WHAT IS REQUIRED: Exactly as they appear, output all of the records. Skip any images.

*** INFORMATION SHOWN ***

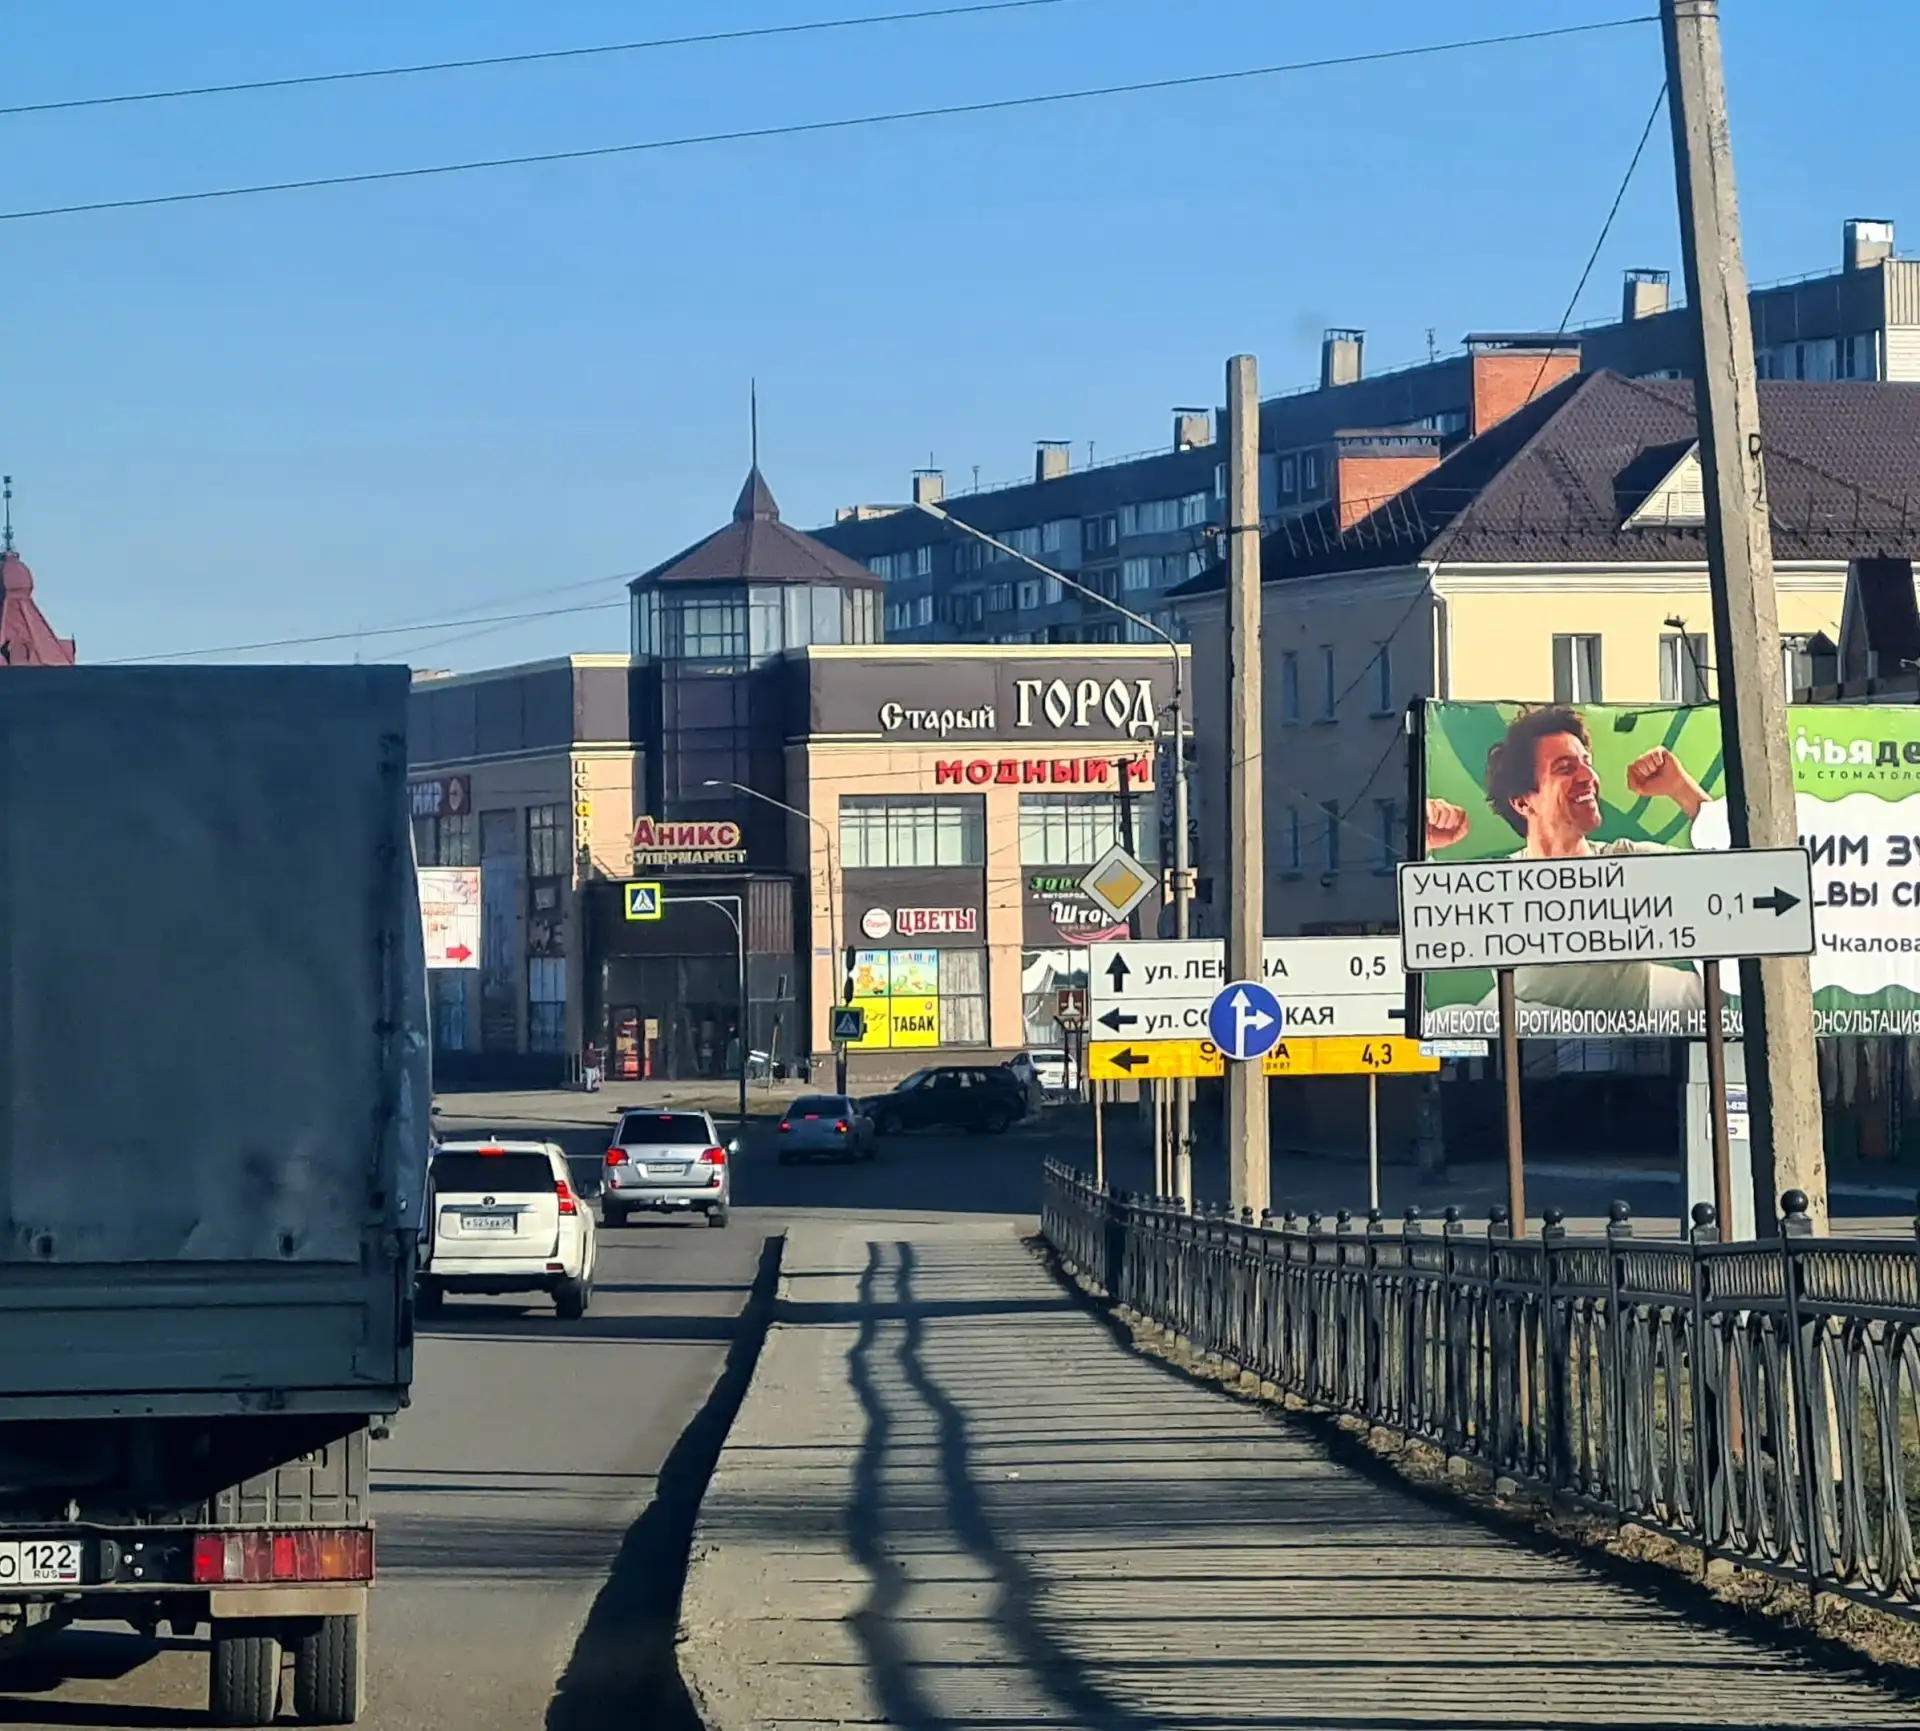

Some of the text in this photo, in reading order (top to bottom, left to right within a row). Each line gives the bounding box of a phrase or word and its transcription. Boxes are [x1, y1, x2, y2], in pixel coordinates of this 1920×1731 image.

[880, 678, 1160, 740] Старый ГОРОД
[935, 755, 1156, 785] МОДНЫЙ М
[1799, 834, 1868, 867] ИМ
[1413, 862, 1625, 896] УЧАСТКОВЫЙ
[898, 909, 977, 934] ЦВЕТЫ
[1051, 902, 1128, 927] Штор
[1413, 892, 1744, 928] ПУНКТ ПОЛИЦИИ 0,1
[1416, 940, 1474, 964] пер.
[1145, 965, 1179, 985] ул.
[1350, 956, 1387, 980] 0,5
[893, 1015, 935, 1033] ТАБАК
[1145, 1014, 1179, 1034] ул.
[1361, 1043, 1393, 1068] 4,3
[24, 1544, 72, 1570] 122
[33, 1569, 58, 1579] RUS

*** End of INFORMATION SHOWN ***

RESPONSE:
Some of the text in this photo, in reading order (top to bottom, left to right within a row). Each line gives the bounding box of a phrase or word and its transcription. Boxes are [x1, y1, x2, y2], in pixel coordinates of this 1920×1731 image.

[880, 678, 1160, 740] Старый ГОРОД
[935, 755, 1156, 785] МОДНЫЙ М
[1799, 834, 1868, 867] ИМ
[1413, 862, 1625, 896] УЧАСТКОВЫЙ
[898, 909, 977, 934] ЦВЕТЫ
[1051, 902, 1128, 927] Штор
[1413, 892, 1744, 928] ПУНКТ ПОЛИЦИИ 0,1
[1416, 940, 1474, 964] пер.
[1145, 965, 1179, 985] ул.
[1350, 956, 1387, 980] 0,5
[893, 1015, 935, 1033] ТАБАК
[1145, 1014, 1179, 1034] ул.
[1361, 1043, 1393, 1068] 4,3
[24, 1544, 72, 1570] 122
[33, 1569, 58, 1579] RUS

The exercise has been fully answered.